A partir del análisis de unas inscripciones halladas en el sur de Italia, prueba que Parménides fue un iniciado en misterios ocultos de carácter órfico, un phôlarchos (archos significa señor o jefe y phôleos es la guarida donde se esconden los animales, un cubil o una caverna). Los phôlarchos «eran sanadores, y la curación, en el mundo clásico, tenía mucho que ver con los estados de muerte aparente». En este sentido se utiliza la expresión phôleos«estar en una guarida» o «yacer en una guarida» podría significar también, en el contexto de la Grecia antigua, encontrarse en un «estado de muerte aparente». Las prácticas de los phôlarchos pueden entenderse a través de la tradición de oriente traída a occidente por los Foceos: estados parecidos a la meditación, de suspensión entre el sueño y la vigilia, en los que se tenían visiones y se operaba el proceso de la sanación.

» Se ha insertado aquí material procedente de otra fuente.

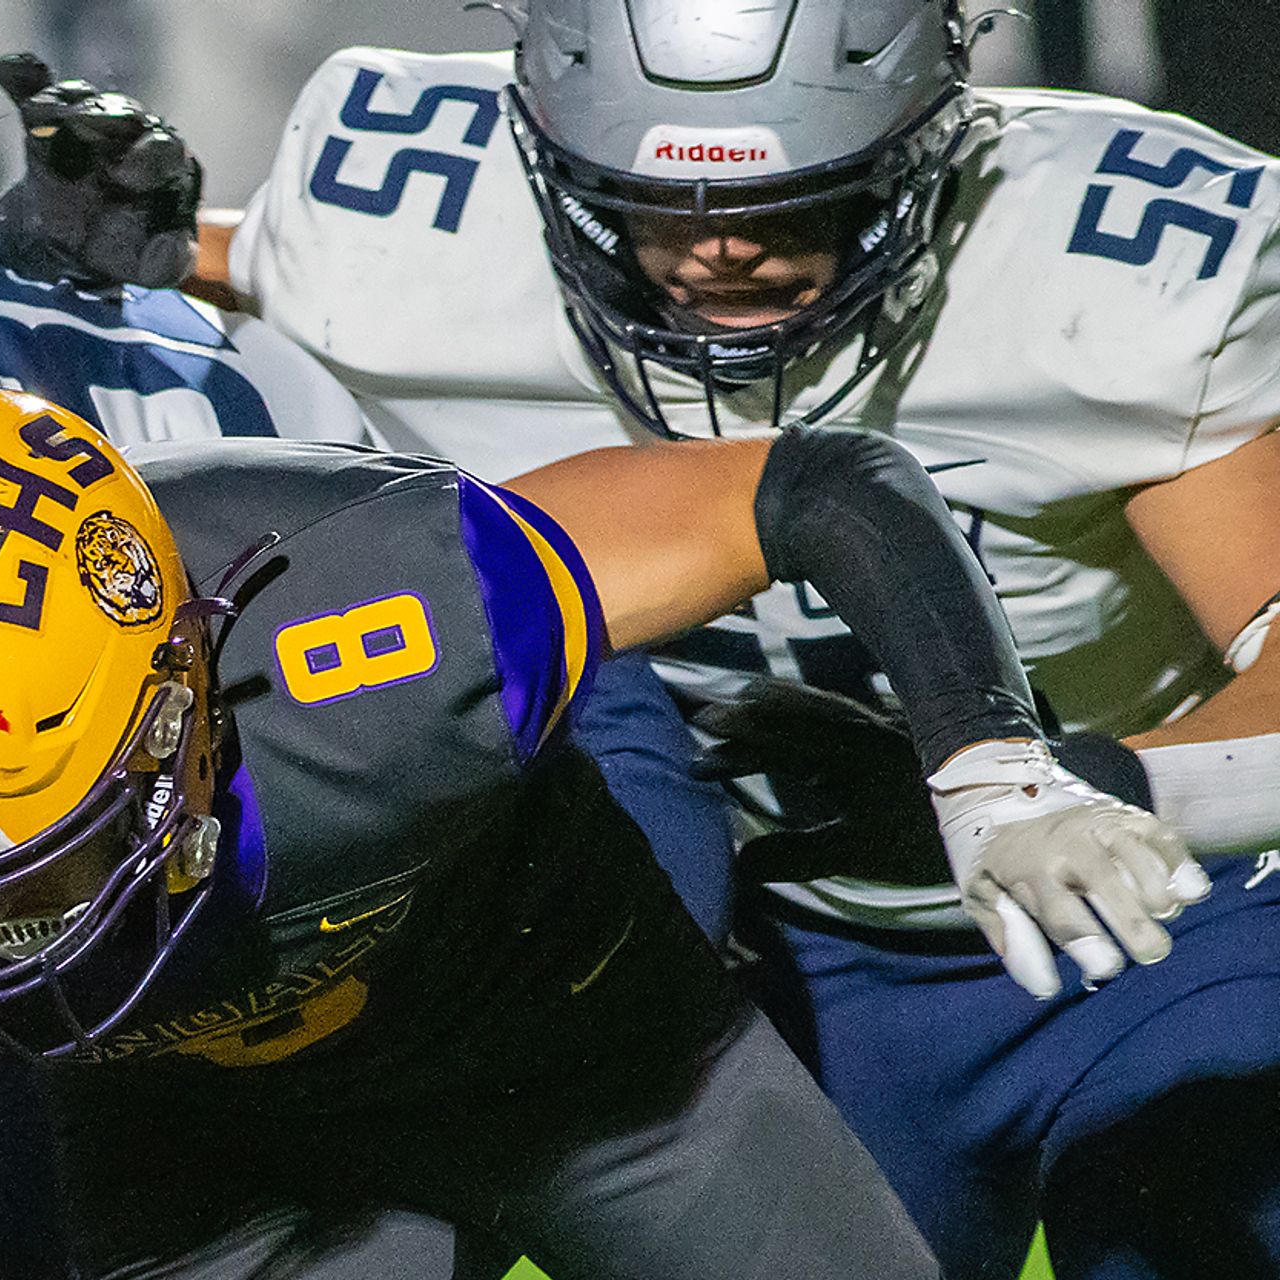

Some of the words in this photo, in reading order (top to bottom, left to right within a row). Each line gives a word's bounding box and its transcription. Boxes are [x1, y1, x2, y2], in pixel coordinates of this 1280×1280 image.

Estos hombres tenían una relación estrecha con el dios Apolo, y tal y como muestran diversas inscripciones (en el templo de Apolo de Istria, por ejemplo), Apolo recibía también el epíteto de phôleutêrios, es decir, «Apolo el que esconde» en el sentido de «Apolo que protege del mal». Esto es interesante porque, por regla general, se asocia a Apolo como «encarnación divina de la razón y la racionalidad» y se obvia que parte de su carácter estaba asociada, precisamente, con el reverso de la razón y la racionalidad. Llama la atención la doble relación de Apolo con el sol y con la noche y la oscuridad, en esencia el inframundo. 


Con todos ustedes, Apolo.

Así pues, Kingsley demuestra en este libro la estrecha relación de Parménides con la tradición de sanadores que practicaban el así llamado arte de la incubación, esa especie de estado de suspensión aparente que conducía a la visión y al conocimiento por la vía de la aproximación al inframundo, pues «las semejanzas entre estar acostado para la incubación y aproximarse al estado de la muerte estaban muy claras para los griegos». Tal y como prueban los datos arqueológicos, estos hombres también eran conocidos como iatromantis, un tipo de sanadores que, al mismo tiempo, eran profetas, y que a su vez estaban relacionados con Apolo. En sentido estricto, hombres que curaban a través de la profecía obtenida por el procedimiento de la incubación. 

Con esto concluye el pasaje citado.